Bewerben bei Internationalen Organisationen - Interview mit Petra Förste
Petra Förste ist Beraterin für das Büro Führungskräfte zu Internationalen Organisationen (BFIO), der Zentralen Auslands- und Fachvermittlung (ZAV), die in der Bundesagentur für Arbeit in Bonn angesiedelt ist. Das BFIO informiert und berät Führungs- und Führungsnachwuchskräfte zu allen Fragen hinsichtlich der Beschäftigung bei Internationalen Organisationen. Dazu gehören die Vereinten Nationen (UN) mit ihren Unter- und Sonderorganisationen, die Institutionen der Europäischen Gemeinschaften, Internationale Finanzorganisationen und Fachorganisationen mit spezifischen Aufgabenstellungen.
Frau Förste, welche Beratungsleistungen bietet das BFIO an?
Wir unterstützen die Bundesregierung dabei, den Personalanteil Deutscher in internationalen Organisationen wie zum Beispiel EU oder UN zu erhöhen. Dazu gehört, dass wir Beratungsleistungen für Personen, die sich in internationalen Organisationen bewerben möchten, anbieten und ihren Bewerbungsprozess individuell begleiten.
Die Beratung kann persönlich vor Ort in Bonn oder Berlin und per Telefon erfolgen. Manchmal reicht auch eine Beratung in schriftlicher Form. Wir beraten sehr individuell und starten meist mit einer beruflichen Standortanalyse, d.h. wir schauen, wo die Person aktuell steht, wie viel Erfahrung sie hat und wie es weitergehen soll. Wir geben auch Tipps, wo Stellen ausgeschrieben werden. Bei Interesse an einer konkreten Stelle gleichen wir in der Beratung die Ausschreibung mit dem Profil ab und schauen, auf welchem Stand die Unterlagen sind.
Manchmal begleiten wir den Prozess bis hin zur Stellenbesetzung und unterstützen konkret bei der Vorbereitung auf die Auswahlgespräche. Zum Teil beraten wir auch in Zusammenarbeit mit dem Koordinator für internationale Personalpolitik im Auswärtigen Amt und den ständigen Vertretungen vor Ort, also an den Standorten, wo sich die Organisationen befinden.

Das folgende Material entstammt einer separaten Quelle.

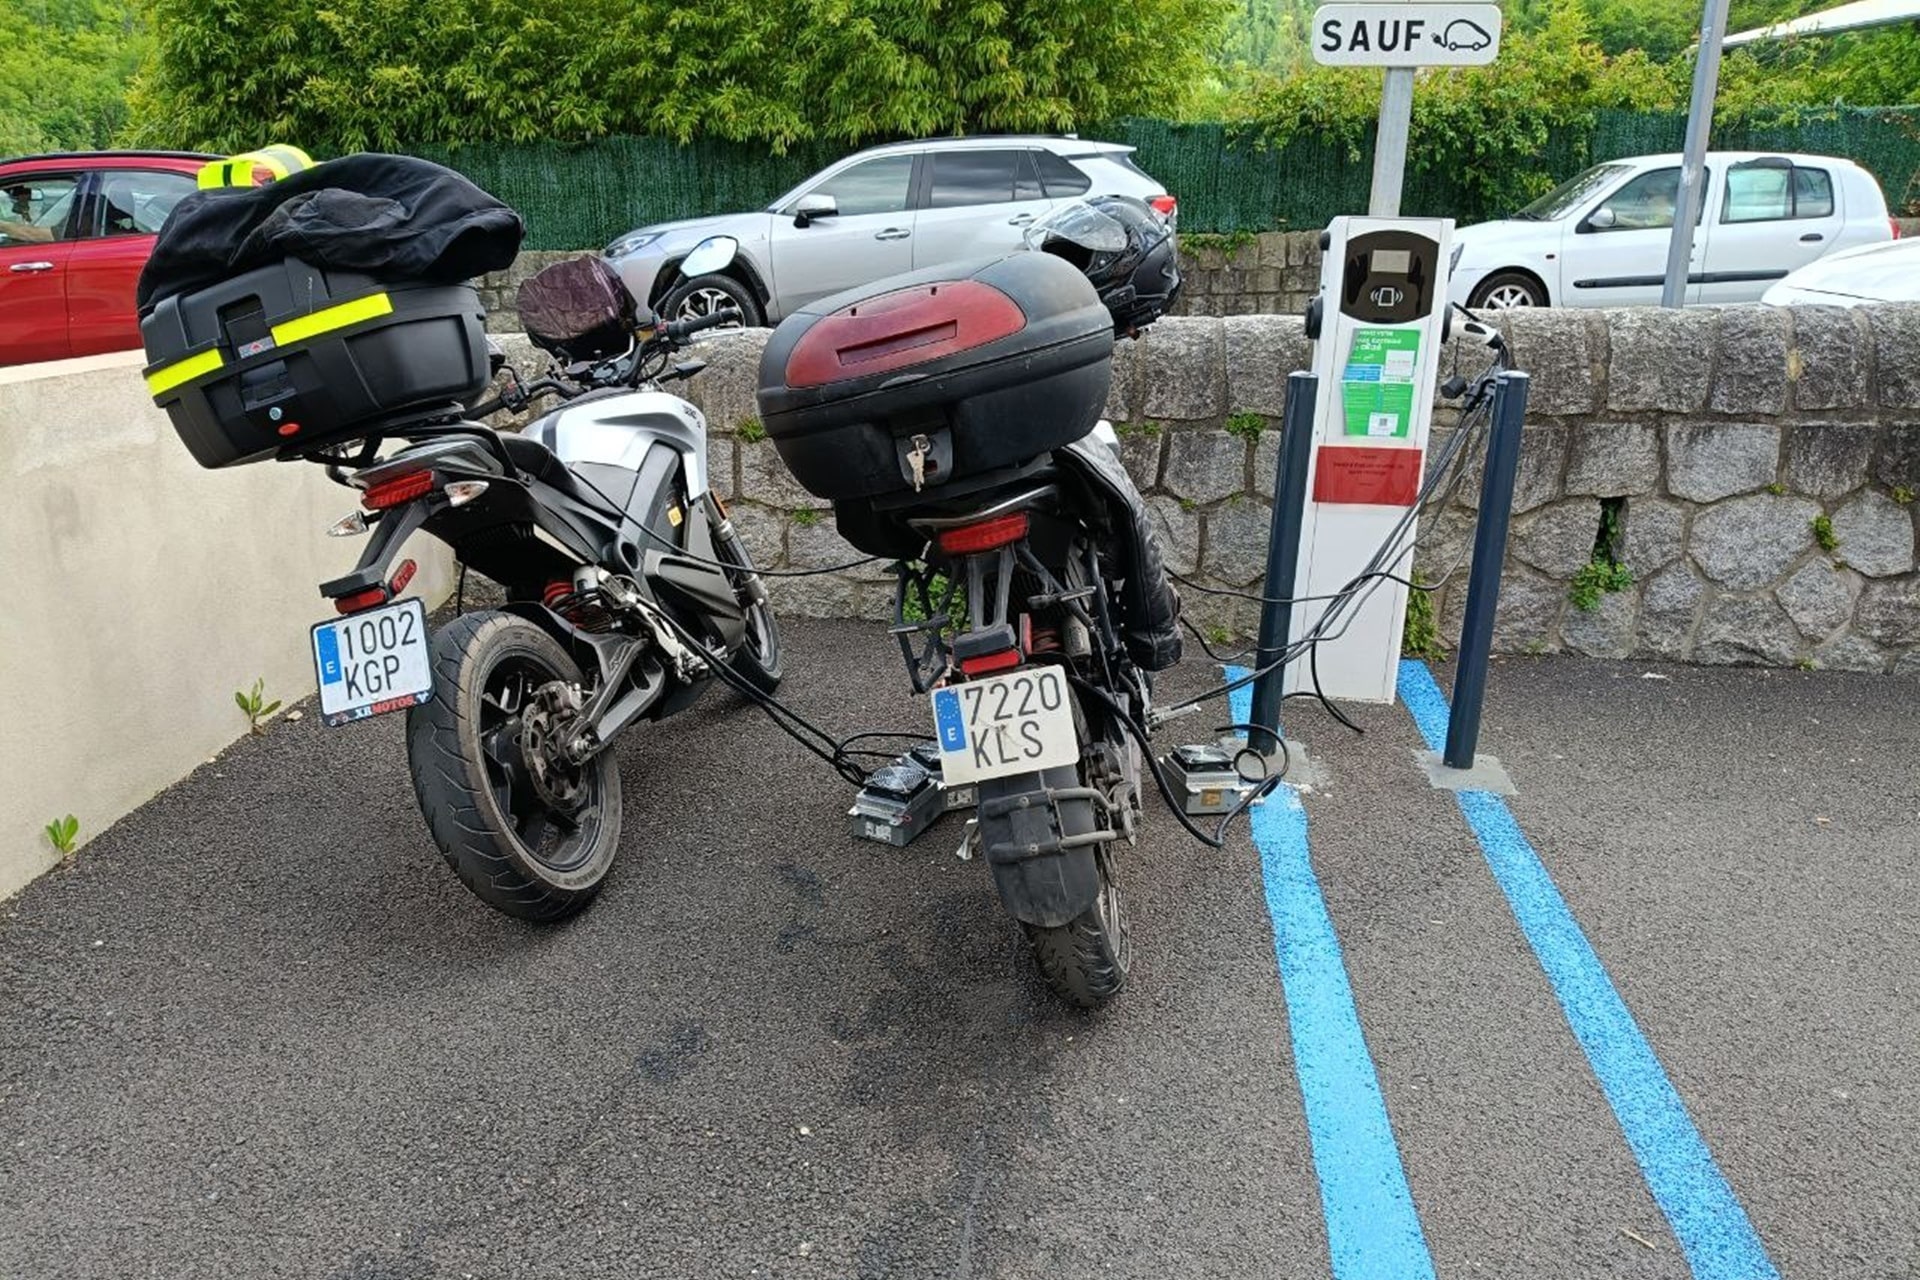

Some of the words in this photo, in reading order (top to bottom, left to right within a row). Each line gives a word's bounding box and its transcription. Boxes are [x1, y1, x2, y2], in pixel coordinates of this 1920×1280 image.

[1321, 20, 1425, 51] SAUF
[343, 611, 417, 660] 1002
[326, 661, 336, 674] E
[344, 655, 400, 700] KGP
[964, 673, 1061, 726] 7220
[947, 727, 957, 741] E
[971, 721, 1043, 768] KLS
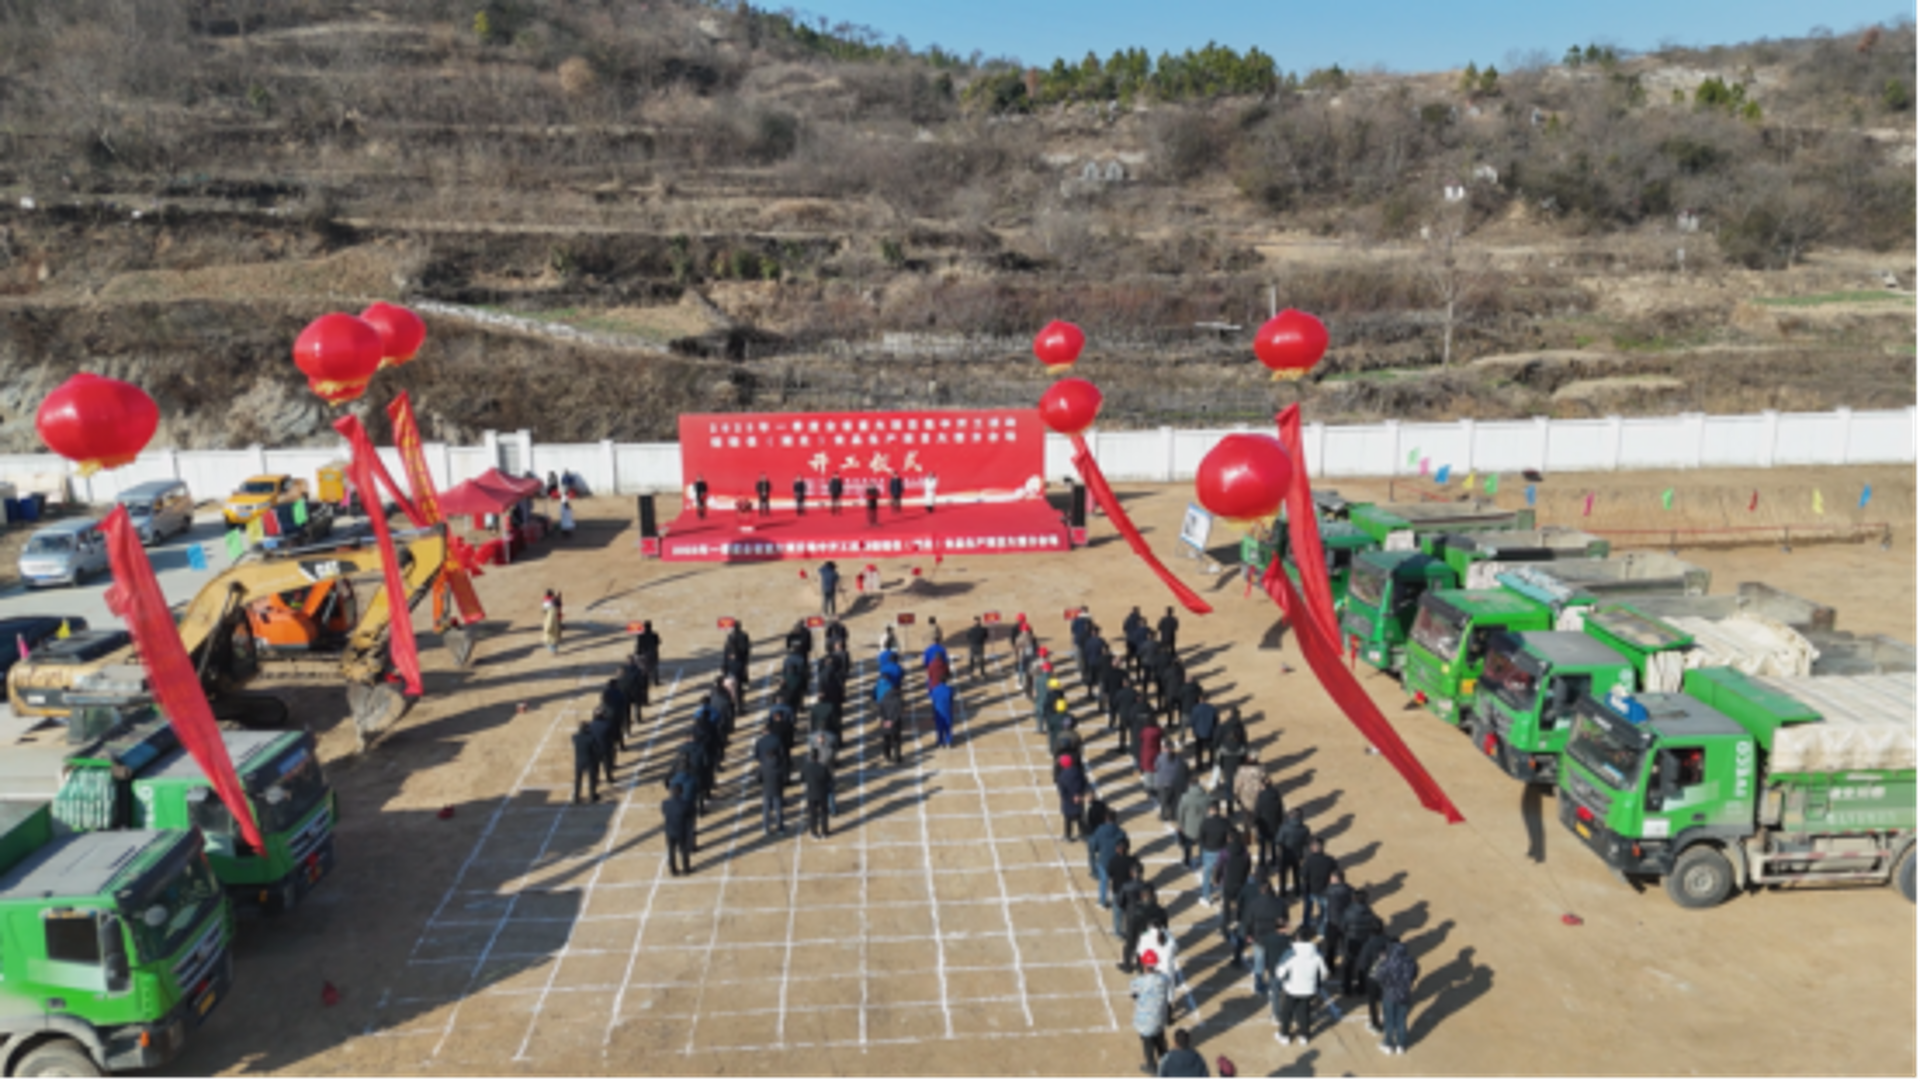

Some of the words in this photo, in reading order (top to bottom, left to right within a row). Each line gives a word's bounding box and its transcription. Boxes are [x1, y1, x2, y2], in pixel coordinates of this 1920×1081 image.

[807, 450, 923, 474] 开工仪式
[1735, 741, 1752, 797] IVECO
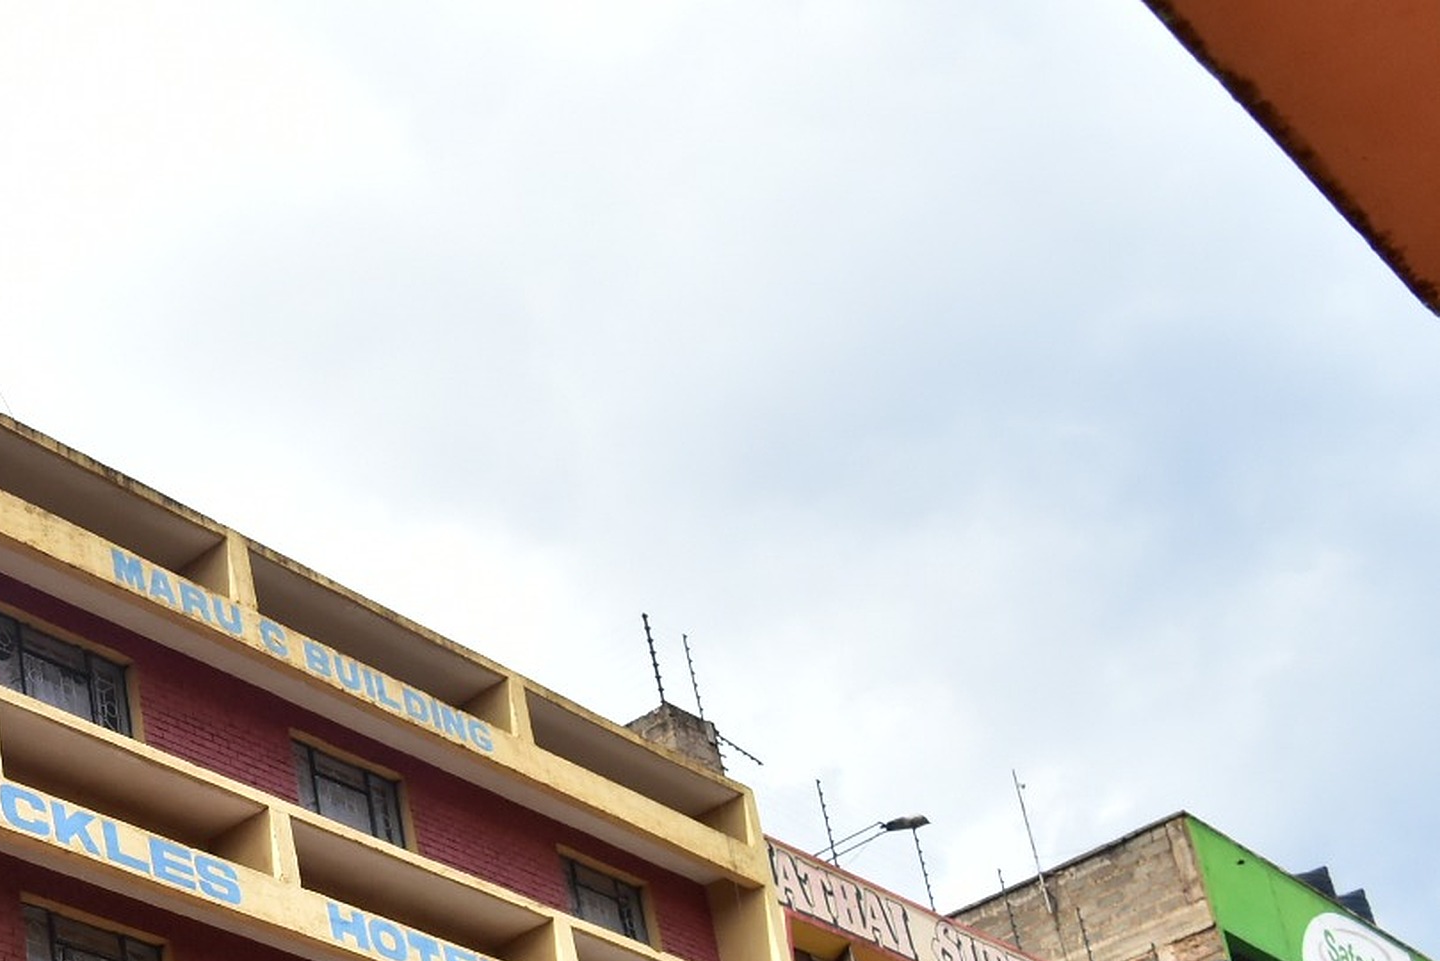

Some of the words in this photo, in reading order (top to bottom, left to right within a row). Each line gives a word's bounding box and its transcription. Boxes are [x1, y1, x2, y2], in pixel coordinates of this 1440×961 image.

[111, 547, 244, 636] MARU
[303, 639, 495, 753] BUILDING
[767, 843, 920, 961] ATHAI

Ganz wichtig ist immer, selbstkritisch zu überprüfen: Passt mein Profil zu den geforderten Voraussetzungen? Auf Positionen in der UN gibt es immer sehr viele Bewerbungen und die Konkurrenz ist groß. Zudem gibt es meist nur befristete Arbeitsverträge, häufig wechselt man alle zwei Jahre den Posten, Mobilität ist Teil des Beschäftigungskonzepts der UN und manche Standorte sind prekär. Man sollte sich fragen, ob man damit umgehen kann. Auch diese Fragen besprechen wir in der Beratung.
Welche Einstiegsmöglichkeiten gibt es in IOs wie z.B. bei der UN?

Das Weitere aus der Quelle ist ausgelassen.